An exact copy of the entries, with every picture omitted, is what is needed here.

══ Supplied material

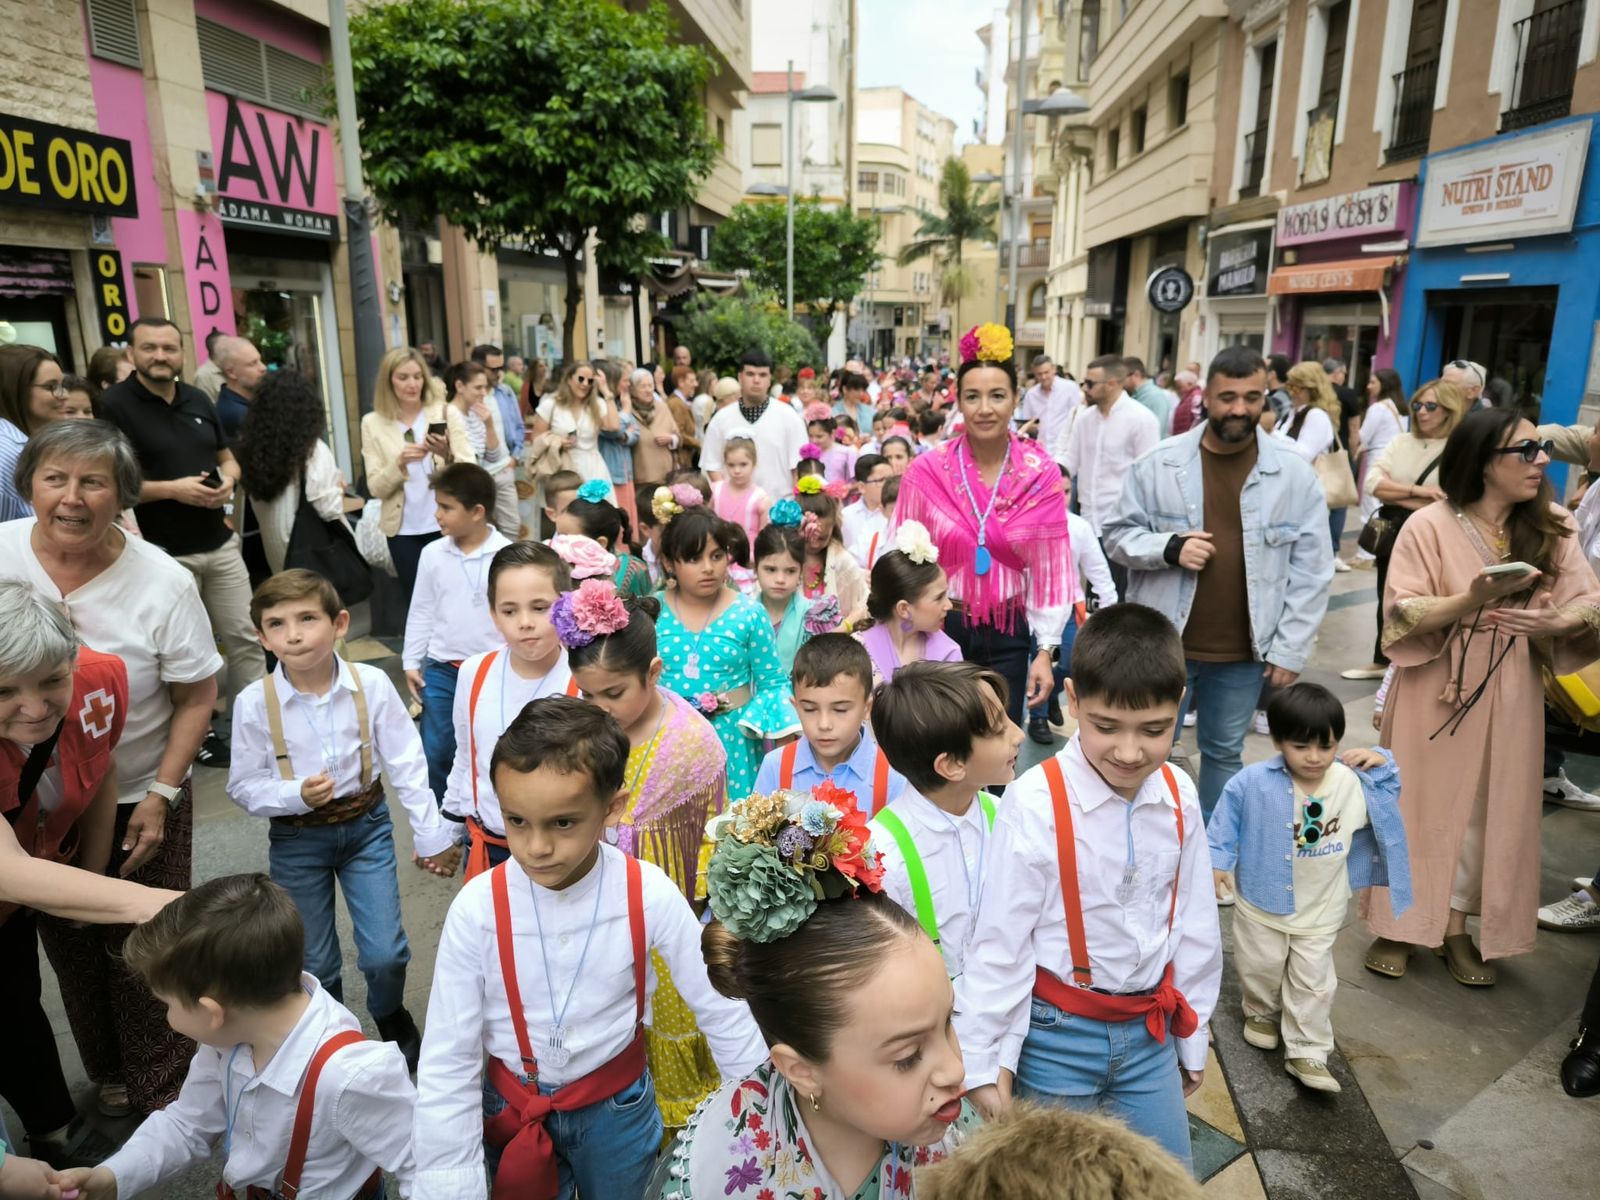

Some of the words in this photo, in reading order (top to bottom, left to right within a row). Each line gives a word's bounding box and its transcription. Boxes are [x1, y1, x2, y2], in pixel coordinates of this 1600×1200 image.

[48, 137, 128, 206] ORO
[217, 95, 320, 209] AW
[1441, 175, 1493, 207] NUTRI
[1495, 163, 1553, 199] STAND
[282, 212, 332, 231] WOMAN
[1283, 206, 1329, 238] MODAS
[97, 254, 126, 336] ORO
[1296, 841, 1344, 858] mucho

════

_Exercise result_
Some of the words in this photo, in reading order (top to bottom, left to right within a row). Each line gives a word's bounding box and its transcription. Boxes are [x1, y1, x2, y2], in pixel coordinates of this 1600×1200 image.

[48, 137, 128, 206] ORO
[217, 95, 320, 209] AW
[1441, 175, 1493, 207] NUTRI
[1495, 163, 1553, 199] STAND
[282, 212, 332, 231] WOMAN
[1283, 206, 1329, 238] MODAS
[97, 254, 126, 336] ORO
[1296, 841, 1344, 858] mucho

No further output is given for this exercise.